The problem —
Return the entries that follow exactly, with no images.

Given information —
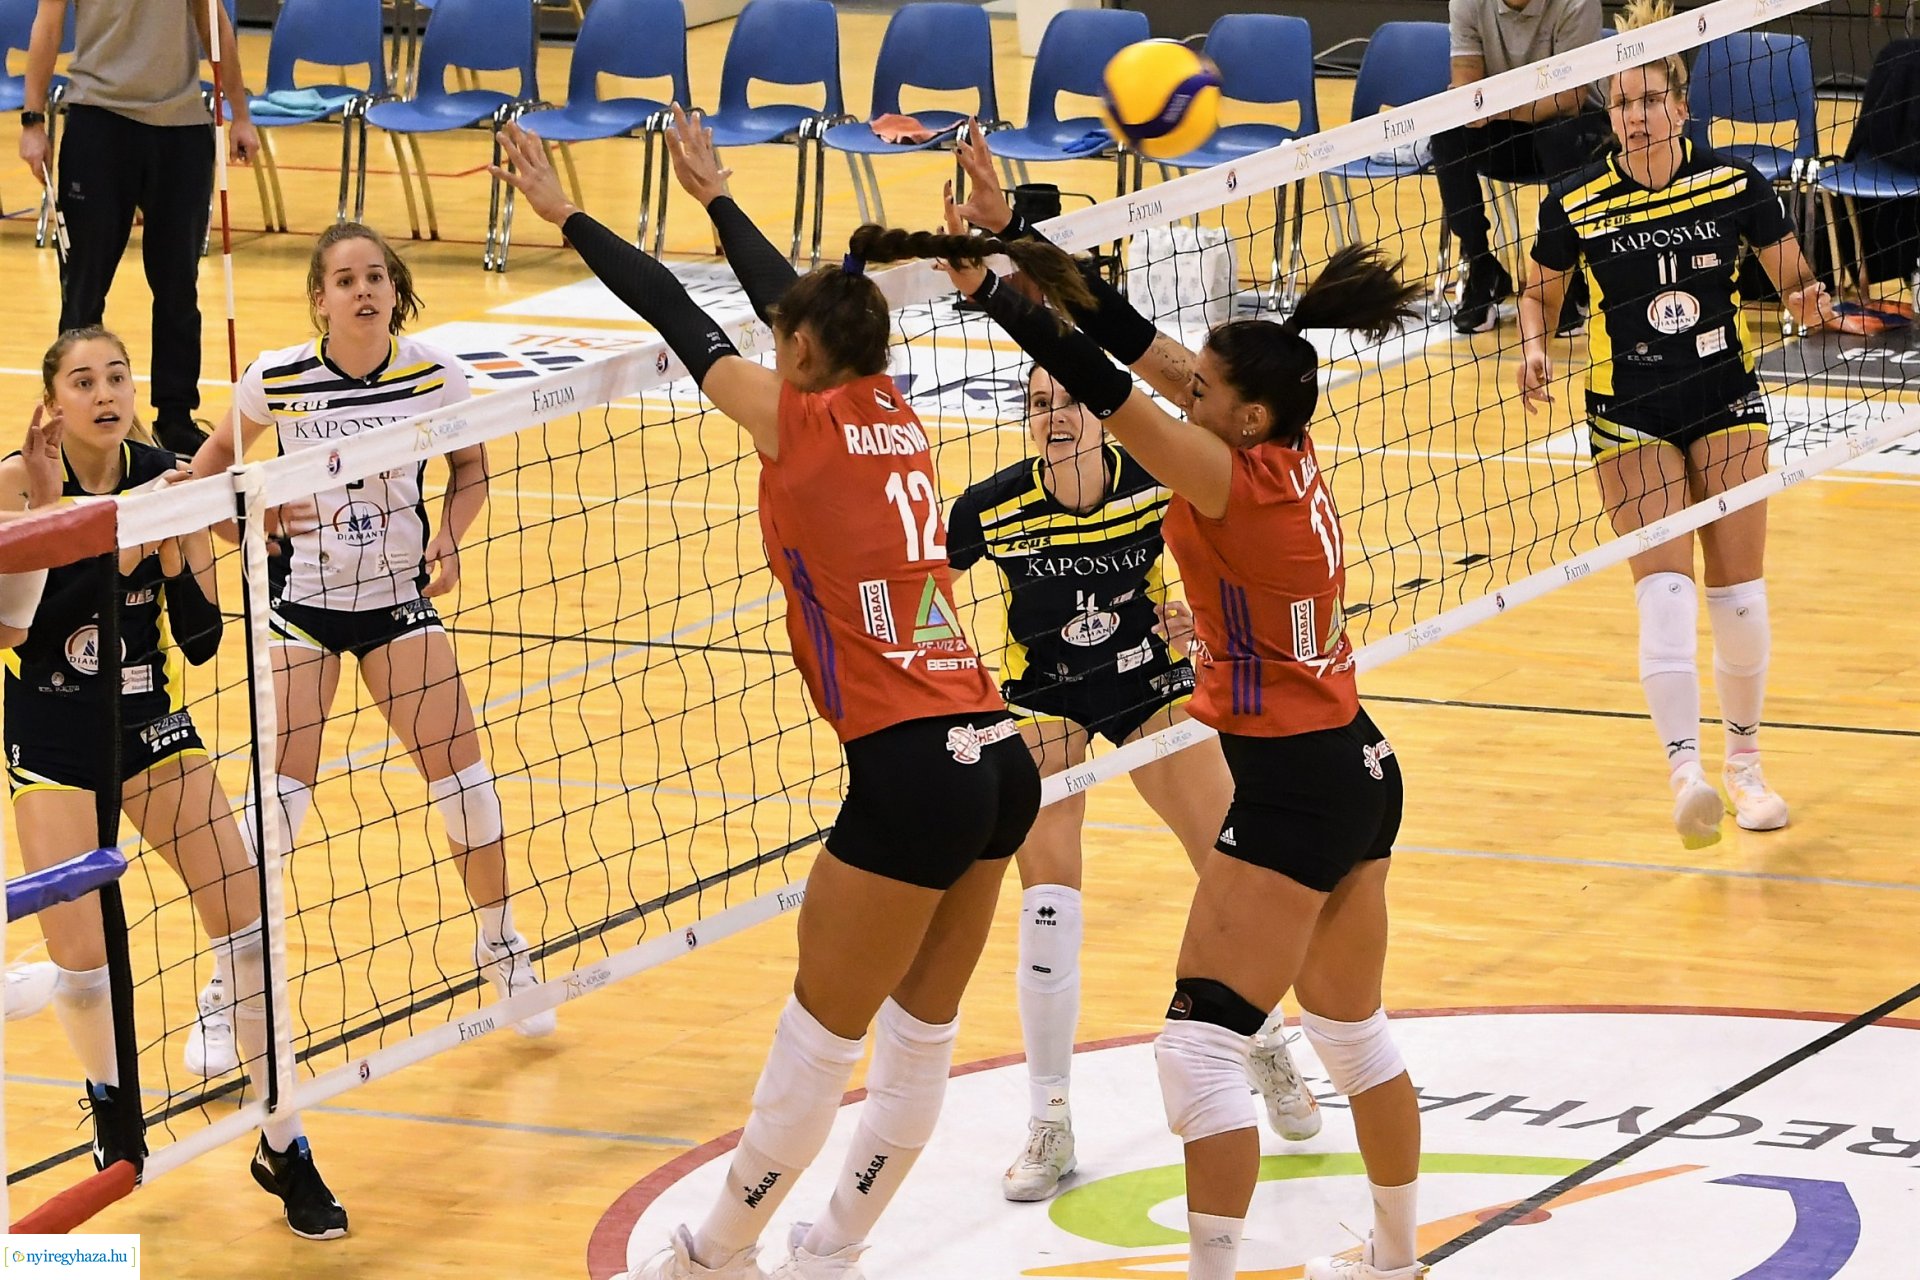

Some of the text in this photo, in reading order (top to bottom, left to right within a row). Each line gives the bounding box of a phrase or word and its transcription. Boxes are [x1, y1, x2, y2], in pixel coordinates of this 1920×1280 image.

[1616, 41, 1645, 63] FATUM
[1383, 118, 1415, 139] FATUM
[1128, 200, 1163, 222] FATUM
[1657, 251, 1677, 285] 11
[532, 386, 575, 413] FATUM
[1781, 470, 1805, 487] FATUM
[885, 471, 947, 562] 12
[337, 531, 385, 541] DIAMANT
[1025, 548, 1147, 577] KAPOSVÁR
[1564, 563, 1591, 582] FATUM
[869, 584, 889, 642] TRABAG
[1300, 602, 1311, 657] STRABAG
[1065, 772, 1097, 793] FATUM
[778, 889, 807, 911] FATU
[458, 1017, 495, 1042] FATUM
[856, 1154, 889, 1195] MIKASA
[744, 1171, 782, 1209] MIKASA

Response to this exercise —
Some of the text in this photo, in reading order (top to bottom, left to right within a row). Each line gives the bounding box of a phrase or word and its transcription. Boxes are [x1, y1, x2, y2], in pixel coordinates of this 1920×1280 image.

[1616, 41, 1645, 63] FATUM
[1383, 118, 1415, 139] FATUM
[1128, 200, 1163, 222] FATUM
[1657, 251, 1677, 285] 11
[532, 386, 575, 413] FATUM
[1781, 470, 1805, 487] FATUM
[885, 471, 947, 562] 12
[337, 531, 385, 541] DIAMANT
[1025, 548, 1147, 577] KAPOSVÁR
[1564, 563, 1591, 582] FATUM
[869, 584, 889, 642] TRABAG
[1300, 602, 1311, 657] STRABAG
[1065, 772, 1097, 793] FATUM
[778, 889, 807, 911] FATU
[458, 1017, 495, 1042] FATUM
[856, 1154, 889, 1195] MIKASA
[744, 1171, 782, 1209] MIKASA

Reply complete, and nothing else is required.